Based upon this data, AI Chatbots can churn out new KPIs or custom aggregates, transform the data and reorganise it into new formats and structures. However, how does the user know that AI agents are finding the 'right' data rather than misinformation, or worse, fake data that leads to sophisticated scams?
The key issue here for analysts using open public data is that AI is very good at sounding confident even when it is wrong.
The Hallucination Challenge
In traditional BI dashboards, it is often easy to see and check for incorrect data given their structured approach. If a systematic error is found, the computer code can be checked and fixed. Painful but well understood route.
AI chatbots effectively 'grow' code as they evaluate the question and cannot always reveal what the query is that they have written, even when asked (intermediate discarded code steps). AI agents can also interoperate in ways that we cannot predict. So, AI chatbots often produce plausible but incorrect results due to their probabilistic nature.
These plausible but incorrect results, what marketers euphemistically call 'hallucinations', arise from AI's probabilistic nature.
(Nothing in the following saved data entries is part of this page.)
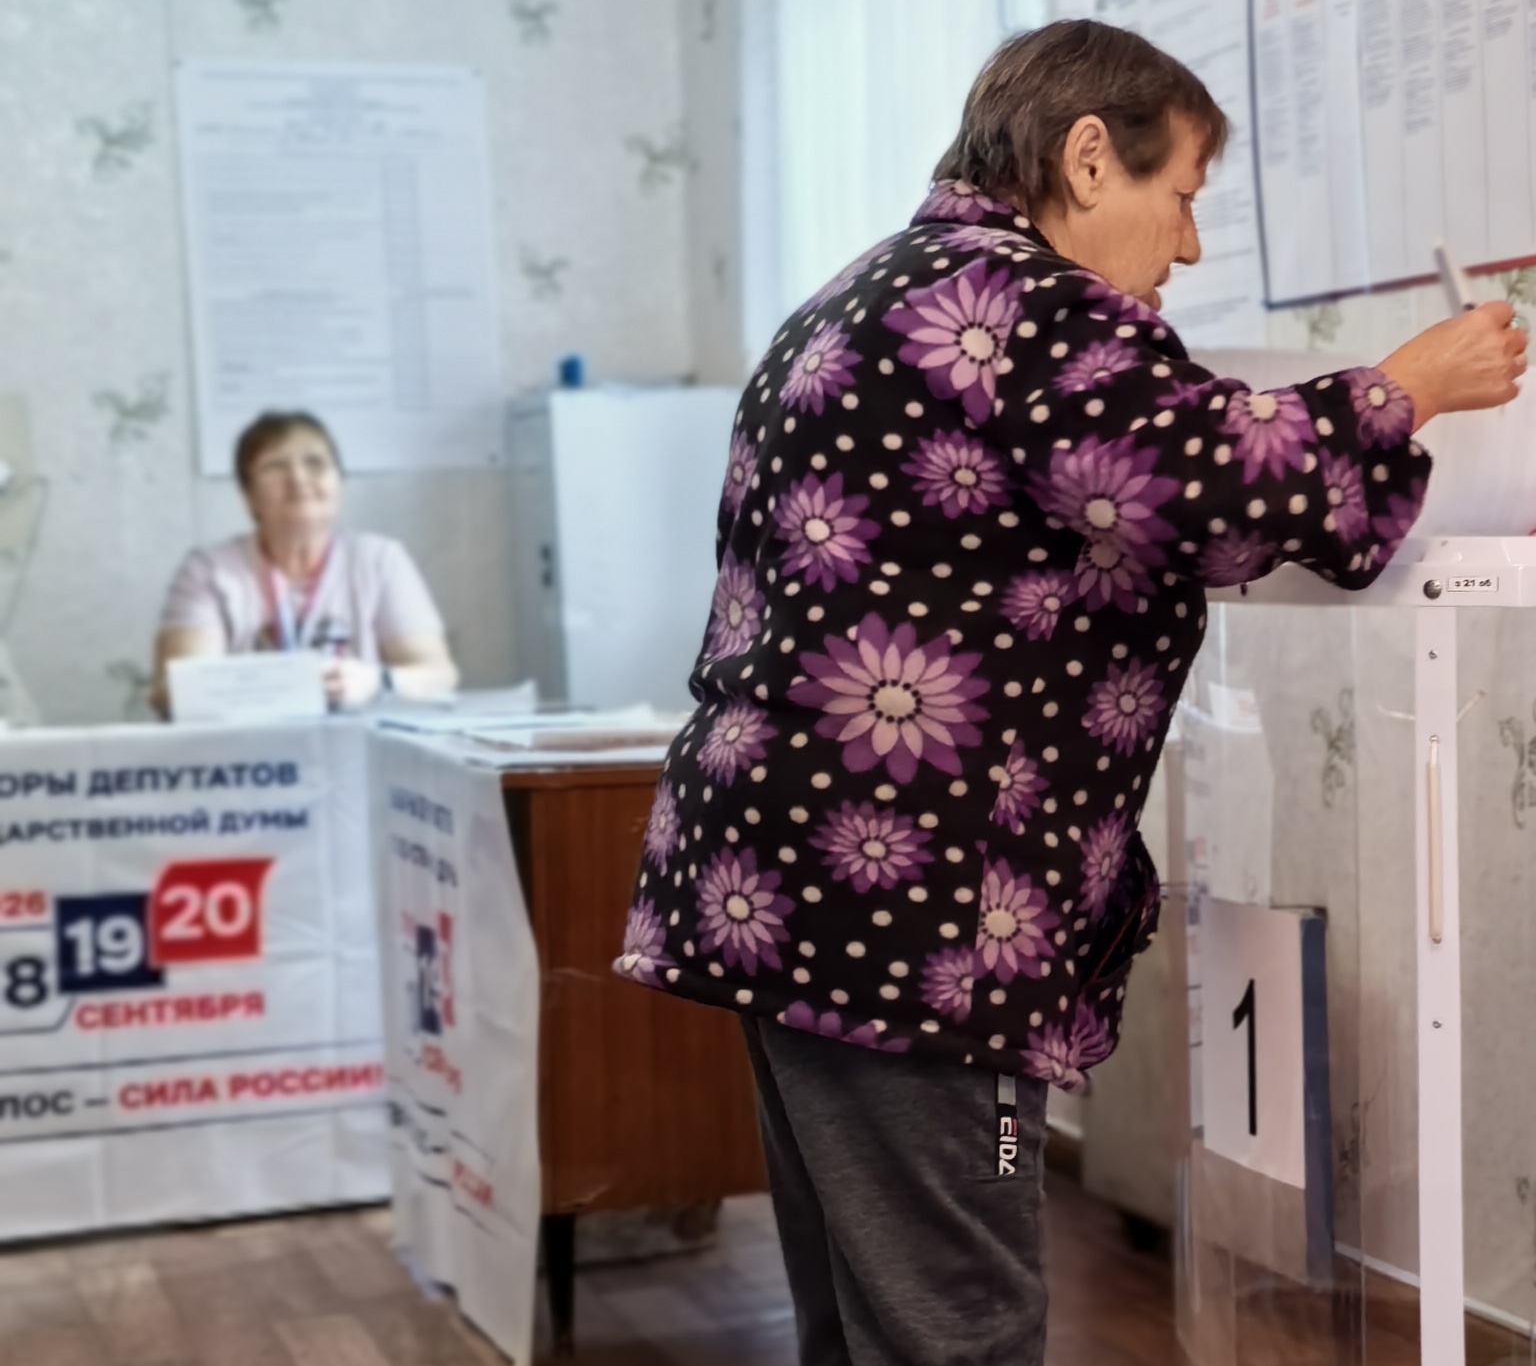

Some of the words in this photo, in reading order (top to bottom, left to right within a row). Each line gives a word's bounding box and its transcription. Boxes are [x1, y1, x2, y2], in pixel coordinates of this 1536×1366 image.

[87, 762, 300, 798] ДЕПУТАТОВ
[217, 808, 309, 835] ДУМЫ
[1, 891, 47, 919] 26
[64, 914, 145, 975] 19
[160, 881, 253, 942] 20
[75, 991, 265, 1031] СЕНТЯБРЯ
[1232, 978, 1258, 1136] 1
[118, 1076, 218, 1111] СИЛА
[227, 1063, 383, 1099] РОССИИ!
Users can address this through detailed prompt engineering, but this only underscores the need for rethinking public datasets themselves; the guardrails and verification of AI outcomes.
How do policymakers and authorities address the risks involved?
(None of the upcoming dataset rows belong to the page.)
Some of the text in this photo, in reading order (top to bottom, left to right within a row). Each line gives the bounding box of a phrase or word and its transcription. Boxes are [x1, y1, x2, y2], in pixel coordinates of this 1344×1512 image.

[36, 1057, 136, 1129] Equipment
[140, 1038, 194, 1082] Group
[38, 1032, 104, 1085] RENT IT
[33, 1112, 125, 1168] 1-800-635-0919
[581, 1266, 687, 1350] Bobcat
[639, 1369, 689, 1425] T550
I would argue that trusted organizations need to invest more in their collection systems and in data standardisation. The critical part is for the published datasets to have clear definitions and structure, for the data to be error-free (or as near as can be), and to include metadata (data about the data) that helps AI agents find the right data.
The ODI Framework
The Open Data Institute (ODI) has released an AI-ready framework, which identifies four critical areas for 'AI Ready' data:
- Qualities of the data — Compliance with data standards, and use of appropriate file formats that are easily machine-readable and interoperable.
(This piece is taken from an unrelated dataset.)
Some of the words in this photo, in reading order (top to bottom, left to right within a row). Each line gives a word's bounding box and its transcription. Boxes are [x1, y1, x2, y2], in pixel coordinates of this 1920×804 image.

- Metadata (Context) — The data model should detail the data structure, types, and constraints, plus the data lineage to track its origin and transformations.
- Infrastructure — The physical and software infrastructure must be designed for accessibility, scalability, and control.
- Proactive data Governance — Updating and automating governance policies.
These types of systems do need additional investment to set up and to maintain but also need a different mindset when implementing and maintaining. They need a global view of the application scope, which takes into account that every local deviation in data standards and definitions, increases global costs and reduces comparability, and that data about the data (system or semantic metadata) is just as important as the data itself.
Why XBRL Makes AI Smarter
There have been numerous articles and posts on why XBRL provides a platform for AI and company financial and sustainability reports. The reasons are straightforward: structured data includes the context and semantic information and links this to a wider knowledge base.
Consider the fundamental difference in approach:
- Company analysts learn accounting from the ground up, building a broad model of how concepts relate and have a specific knowledge of how this is applied to their company's financial data. Auditors also have deep background knowledge that lets them spot when something looks wrong if a report diverges from typical patterns.
- AI systems use probability and statistics to identify specific numbers and language patterns in analysing a company report, assigning meaning based on the context provided by the question and general training data.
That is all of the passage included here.